Confession: I got caught up in Fall Color. A few particular trees in Southern California and even the leaves on my wisteria arbor are turning yellow, getting ready to drop. In addition, we put together another round of Gridster Bee, and those of us who were experienced thought we should get sample blocks up on the spreadsheet as an example.
I have been hanging on to this screenshot (see how old those IG icons are?) for some time, as I’ve always wanted to do it in a bee. The pattern is a variation of Maple Leaf:
To be precise, it’s Maple Leaf–Brackman #1740, which originally debuted in Aunt Martha’s booklets in the 1930s. Like the Flickr group, above, I changed out the stem so it could be pieced. And is my wont, I wondered if anyone else was interested in this block. I certainly I had a few words to say about how to make up a leaf in autumn colors, so I put it all into a PatternLite, and then up in my PayHip Shop. I also included how to make a Four-at-a-Time Flying Geese block, giving away the secret formula, freeing you from charts forever.
PatternLite Patterns, if you are new here, are not-quite-all-of-a-pattern, for not-quite-all-of-the-price. They are less than a fancy pink drink at Starbucks. They are cheaper than a slice of pizza from that place around the corner from you. They are for those quilters who can see a block and take off with it in their own way, and don’t need comprehensive instructions on construction. But I did do up a couple of sketches for what can be done with this block:
How about a table runner for your holiday table?
Or a quilt? It’s there now in the shop, if you want to grab it.
I had some other ideas, but I will let time work them out for me, or sleep as John Steinbeck noted:
“It is a common experience that a problem difficult at night is resolved in the morning after the committee of sleep has worked on it.”
This may take me more than a few nights, I think.
And then there’s this, that’s been rattling around in my head:
“Creativity is just connecting things. When you ask creative people how they did something, they feel a little guilty because they didn’t really do it, they just saw something.” (Steve Jobs)
Lately, I’ve been concerned with sameness, or the inability to make connections between two different things, because so much is all the same.
If we are mostly in our houses, with our same stashes, in the same room, making those same projects we dreamed up some time ago, where are the differences that allow us to make connections? I think many of us get it through social media, but beware:
I had been sort of dependent on my Instagram feed for variety and for seeing new things, until I realized that over time the random things I had selected had become more of “the same”–repeating back to me the images I had selected precisely because they were new and different. What with the algorithm changing how we interacted with that media, and the selectivity with which it feeds us our friends’ posts on our feed, what had once fed my need for new and novel things just came unraveled.

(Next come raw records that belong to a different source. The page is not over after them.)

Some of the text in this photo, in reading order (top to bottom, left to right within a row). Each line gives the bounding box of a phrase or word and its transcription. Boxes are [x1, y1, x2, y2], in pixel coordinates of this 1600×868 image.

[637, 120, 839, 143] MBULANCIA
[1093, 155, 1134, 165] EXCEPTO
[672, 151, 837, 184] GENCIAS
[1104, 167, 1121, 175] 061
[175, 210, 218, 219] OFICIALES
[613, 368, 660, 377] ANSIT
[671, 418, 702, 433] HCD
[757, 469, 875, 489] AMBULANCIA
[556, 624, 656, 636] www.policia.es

When you are traveling in a new space, trying to juggle all that’s coming at you, you make new connections. Perhaps you discover a different way to think about a dilemma, or even how to navigate physical space:
I did eventually make it to TechnoPark-ro, and enjoyed all that I saw. This has been on my mind because of what I’ve noticed in my correspondence, that there’s been a refrain of not feeling enthusiastic about what you used to do. Some describe it in that time-honored way of “lost my sewjo.” I could also describe it as longing for the thunderbolt of a new idea, one that just grabs you and has you on the run to try to express it.

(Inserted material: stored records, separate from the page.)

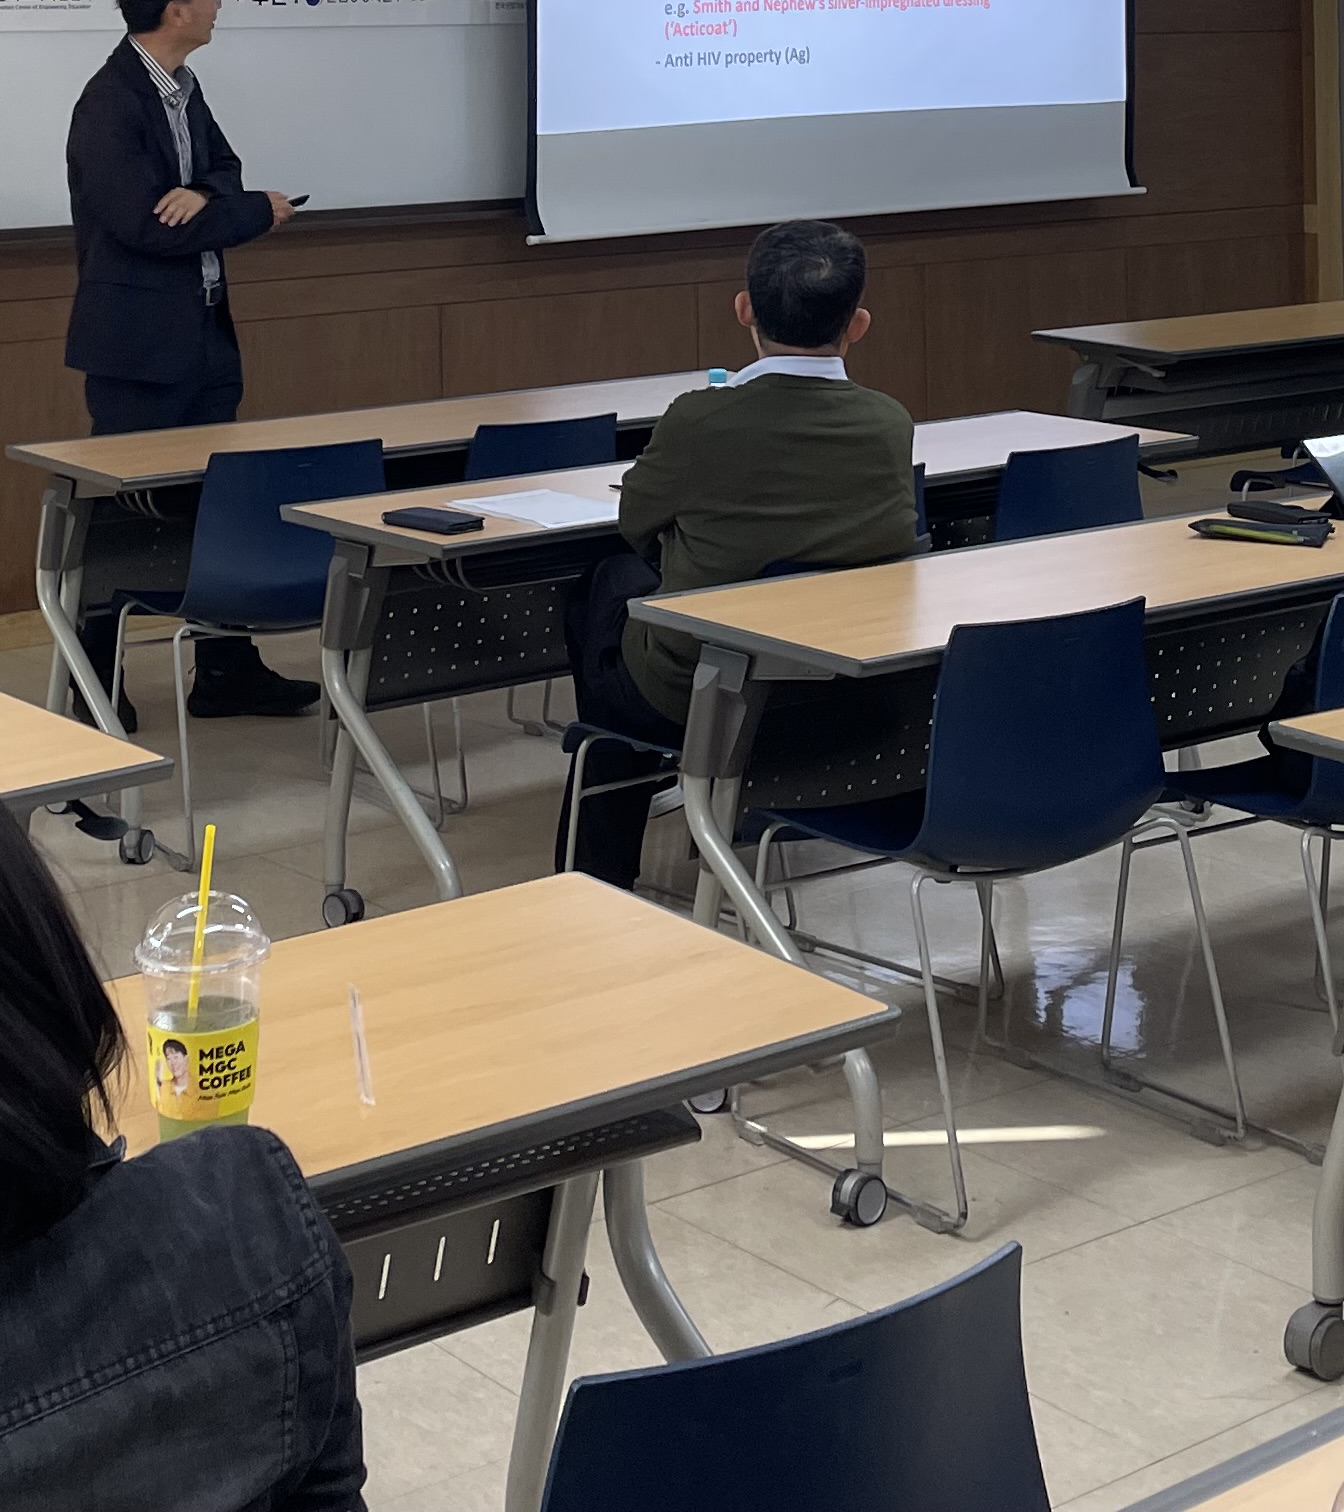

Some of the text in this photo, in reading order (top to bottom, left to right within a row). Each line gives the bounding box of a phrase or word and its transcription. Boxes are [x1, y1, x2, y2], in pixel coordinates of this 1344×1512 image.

[664, 2, 690, 18] e.g.
[664, 52, 694, 68] Anti
[697, 51, 722, 66] HIV
[725, 49, 782, 68] property
[785, 46, 810, 64] (Ag)
[199, 1040, 246, 1061] MEGA
[199, 1058, 238, 1076] MGC
[198, 1065, 252, 1091] COFFEE

Because I feel like drowning in sameness is a situation to escape, my tactic of late has been to look for old quilt blocks to explore in new ways (hence, Autumn Leaves). I also like seeing new fabrics, other than the same three designers carried by my quilt shop, so recently I went to Fat Quarter Shop to their pre-cuts and read ALL 38 pages of it, learning about what’s coming. I vary my walks around my neighborhood, cook new recipes:
Three reasons why people are motivated to be creative: 1) need for novel, varied, and complex stimulation; 2) need to communicate ideas and values and 3) need to solve problems. A scholarly listing of thoughts about creativity can be read here.
Right brain? Left Brain? Anna Abraham begs to differ: “The brain’s right hemisphere is not a separate organ whose workings can be regarded in isolation from that of the left hemisphere in most human beings. It is also incorrect to conclude that the left brain is uncreative. In fact even the earliest scholars who explored the brain lateralization in relation to creativity emphasized the importance of both hemispheres.” A high level Q & A with her is here.

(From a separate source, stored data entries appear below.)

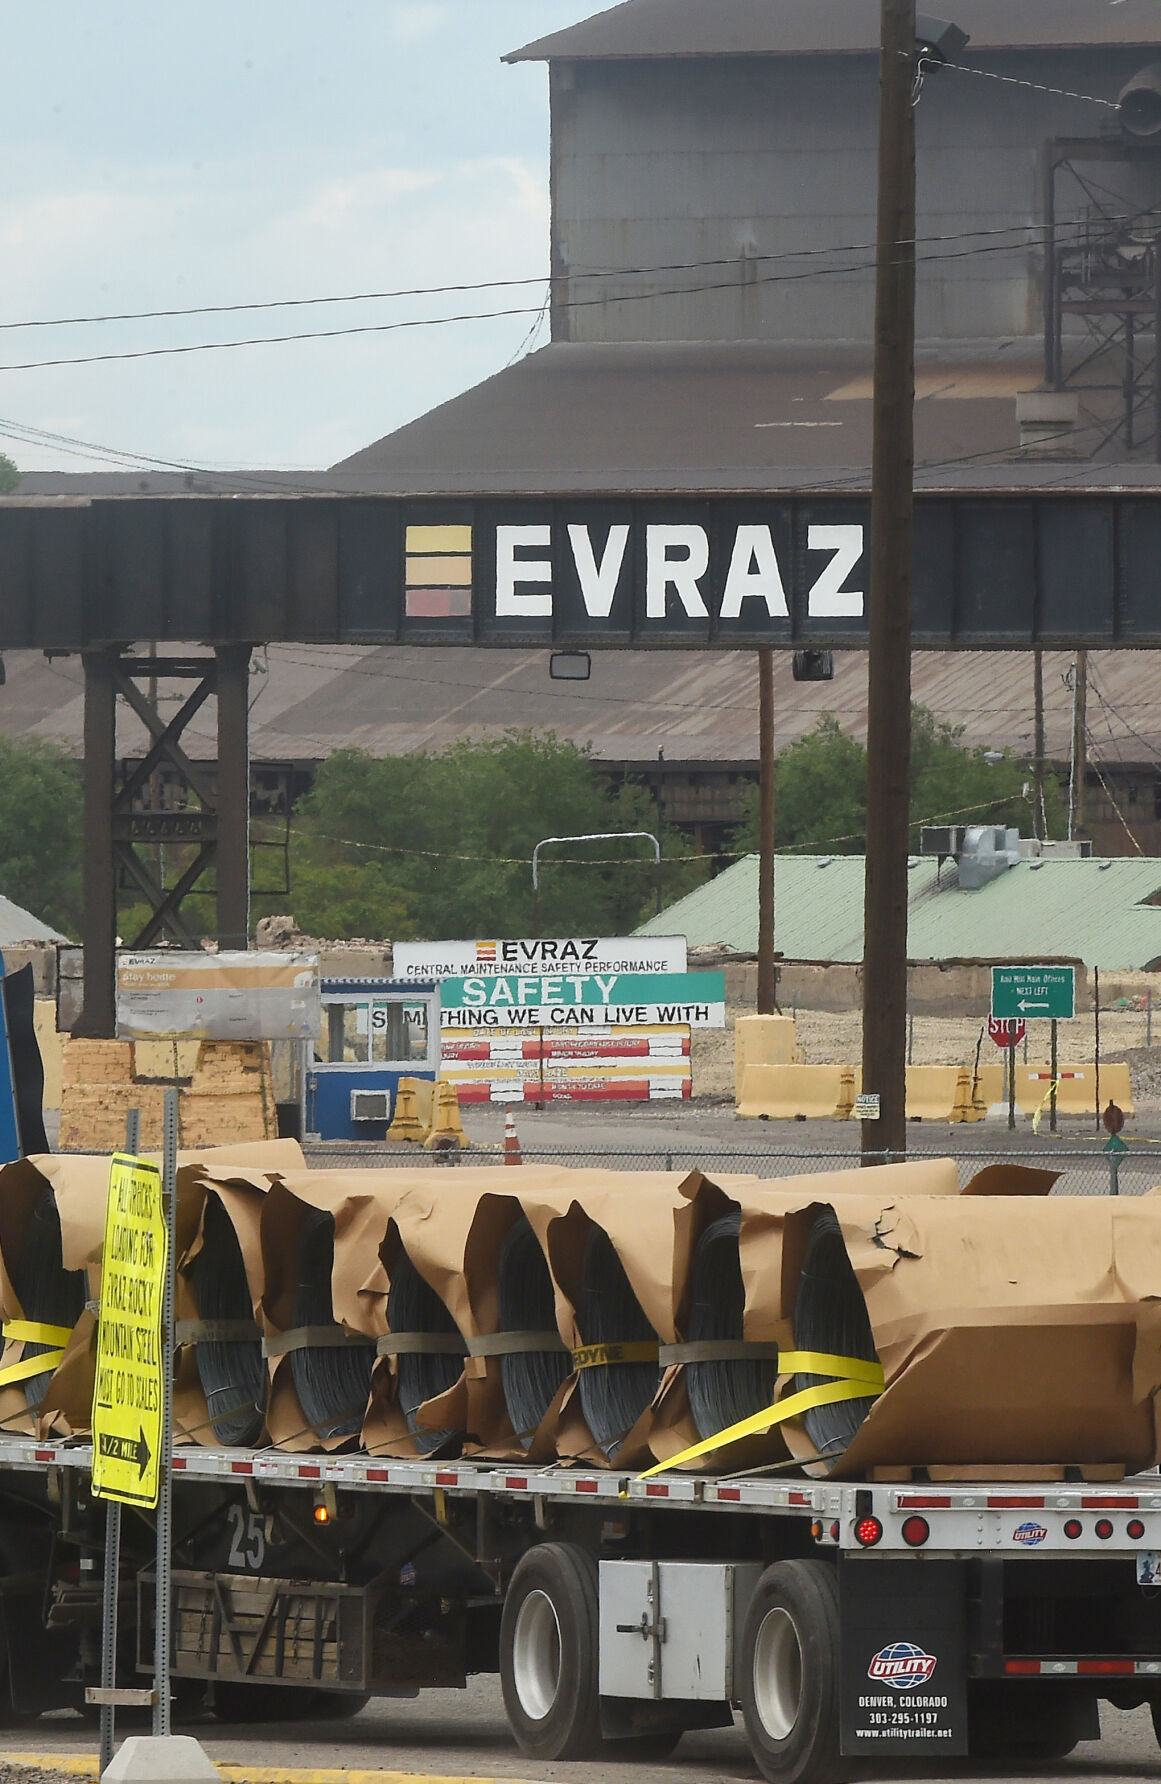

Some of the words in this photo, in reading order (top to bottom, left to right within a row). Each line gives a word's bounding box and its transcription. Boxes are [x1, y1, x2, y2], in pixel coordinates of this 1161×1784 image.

[495, 524, 864, 618] EVRAZ
[502, 940, 599, 961] EVRAZ
[406, 963, 458, 976] CENTRAL
[460, 962, 538, 975] MAINTENANCE
[541, 961, 581, 973] SAFETY
[585, 960, 668, 973] PERFORMANCE
[462, 976, 618, 1006] SAFETY
[1016, 986, 1032, 995] NEXT
[1034, 986, 1048, 995] LEFT
[507, 1008, 540, 1024] WE
[550, 1007, 594, 1024] CAN
[604, 1006, 648, 1023] LIVE
[657, 1005, 709, 1021] WITH
[129, 1179, 153, 1219] TRUCKS
[111, 1224, 139, 1266] LOADING
[139, 1231, 154, 1268] FOR
[128, 1277, 155, 1317] ROCKY
[101, 1319, 134, 1360] MOUNTAIN
[135, 1326, 157, 1366] STEEL
[98, 1367, 114, 1403] MUST
[115, 1370, 125, 1404] GO
[126, 1373, 135, 1407] TO
[135, 1375, 158, 1412] SCALES
[102, 1434, 118, 1456] 1/2
[121, 1441, 138, 1460] MILE
[1014, 1529, 1046, 1540] UTILITY
[873, 1659, 933, 1675] UTILITY
[859, 1696, 897, 1708] DENVER,
[899, 1696, 948, 1707] COLORADO
[869, 1712, 938, 1724] 303-295-1197
[855, 1727, 952, 1740] www.utilitytrailer.net

“As strange as it sounds, creativity can become a habit,” says creativity researcher Jonathan Plucker, PhD, a psychology professor at Indiana University. “Making it one helps you become more productive.” Read about it here.
A quote from an article from my favorite resource, 99U: “Creativity is a skill that allows you to draw understanding of the world around you, connect those observations to your existing knowledge reservoirs, and imagine new applications of your knowledge on the world.” Read it here.
Keep at it, find the new and novel, and keep quilting!